The table linked above is based on a 0.75% box size. Think of the table as an arm-wrestling match between each sectoral index against its rivals, with the total score being provided. Another way to interpret this is to view it as a round-robin contest in an IPL T-20 tournament where each team competes with every other team in the play-offs.
If you notice, Nifty Auto is right at the top indicating that this index is outperforming all other sectoral indices on a relative basis too, including the Nifty 50. The Nifty Auto sector would therefore be the one to focus on, when there is a recovery in the Nifty 50 index.

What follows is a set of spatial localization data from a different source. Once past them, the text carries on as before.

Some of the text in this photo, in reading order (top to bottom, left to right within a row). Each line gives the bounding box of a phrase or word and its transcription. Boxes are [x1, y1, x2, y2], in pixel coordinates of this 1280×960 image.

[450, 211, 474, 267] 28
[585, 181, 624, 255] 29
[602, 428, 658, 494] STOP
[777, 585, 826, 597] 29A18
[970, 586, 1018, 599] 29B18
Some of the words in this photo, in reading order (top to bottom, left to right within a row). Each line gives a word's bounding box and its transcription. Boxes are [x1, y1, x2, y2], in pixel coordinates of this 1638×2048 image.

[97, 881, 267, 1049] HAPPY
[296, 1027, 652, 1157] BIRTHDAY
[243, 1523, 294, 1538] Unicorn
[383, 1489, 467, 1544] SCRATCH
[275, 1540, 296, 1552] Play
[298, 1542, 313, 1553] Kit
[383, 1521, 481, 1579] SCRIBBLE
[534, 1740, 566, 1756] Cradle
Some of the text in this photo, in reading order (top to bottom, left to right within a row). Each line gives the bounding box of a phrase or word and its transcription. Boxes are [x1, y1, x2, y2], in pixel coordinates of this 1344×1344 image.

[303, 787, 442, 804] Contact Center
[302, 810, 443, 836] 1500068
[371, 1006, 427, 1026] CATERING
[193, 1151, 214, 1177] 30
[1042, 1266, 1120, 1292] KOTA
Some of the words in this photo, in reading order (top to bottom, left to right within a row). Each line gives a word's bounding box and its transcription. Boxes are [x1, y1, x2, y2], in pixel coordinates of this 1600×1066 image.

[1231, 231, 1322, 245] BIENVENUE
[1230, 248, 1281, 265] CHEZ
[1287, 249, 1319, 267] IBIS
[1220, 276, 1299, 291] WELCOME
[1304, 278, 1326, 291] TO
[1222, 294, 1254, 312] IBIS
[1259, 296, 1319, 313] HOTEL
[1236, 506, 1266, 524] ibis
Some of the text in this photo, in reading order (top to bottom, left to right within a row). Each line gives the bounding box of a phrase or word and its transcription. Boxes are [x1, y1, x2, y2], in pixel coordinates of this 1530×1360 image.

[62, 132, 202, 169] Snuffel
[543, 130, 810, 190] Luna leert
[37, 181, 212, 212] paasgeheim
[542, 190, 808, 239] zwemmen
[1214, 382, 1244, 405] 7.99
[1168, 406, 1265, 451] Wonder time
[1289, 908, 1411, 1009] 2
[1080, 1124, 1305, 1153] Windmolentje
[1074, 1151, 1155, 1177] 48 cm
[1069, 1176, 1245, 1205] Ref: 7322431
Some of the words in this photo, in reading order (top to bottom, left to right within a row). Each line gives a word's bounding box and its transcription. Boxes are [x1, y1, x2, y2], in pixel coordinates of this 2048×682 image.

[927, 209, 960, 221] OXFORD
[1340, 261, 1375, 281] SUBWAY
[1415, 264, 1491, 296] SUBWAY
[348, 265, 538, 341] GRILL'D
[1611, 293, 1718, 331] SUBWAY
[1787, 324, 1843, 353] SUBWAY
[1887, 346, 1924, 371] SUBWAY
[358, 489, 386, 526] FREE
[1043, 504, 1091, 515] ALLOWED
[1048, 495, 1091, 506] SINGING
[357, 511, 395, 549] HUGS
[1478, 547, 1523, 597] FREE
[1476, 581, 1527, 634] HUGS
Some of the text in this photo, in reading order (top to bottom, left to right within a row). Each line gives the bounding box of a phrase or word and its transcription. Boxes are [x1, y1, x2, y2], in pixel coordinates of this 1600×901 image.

The Nifty PSE, CPSE, PSU Bank & Realty Sectors are at the bottom of the table suggesting that they are underperforming against most other sectors. You may recall that in the previous post, the PSE, CPSE & PSU Banks were displaying early signs of promise but that seems to have faded away now. These sectors are the ones to avoid from a short-term perspective of 8-12 weeks.
To summarise, we have used a dual approach to assess sectoral performance.
- The first table captures the performance of each sector in relation to the Nifty 50 index.
- The second table is the round-robin format where each sector is pitted against every other sector to assess the final tally.
- Focus on the common sectors that figure at the top of both tables to identify strong outperformers.
- Sectors such as Nifty Auto, IT and Nifty Bank fall in this category. Focus on these sectors in the short-term (8-12 weeks). But to do this, wait until Nifty 50 shows signs of uptrend.
- Sectors such as Nifty Energy, PSE & CPSE are at the bottom half in both tables. Hence, avoid these from the short-term (8-12 weeks) perspective.
- There are a few sectors that are interestingly poised. The list includes FMCG, Consumption & Pharma. These sectors are outperforming most other sectors in the recent past. But their overall performance in multiple time frames (refer the first table) is not that promising.
- Keep an eye on FMCG, Consumption and Pharma. These could be the dark horse sectors if the recent outperformance persists.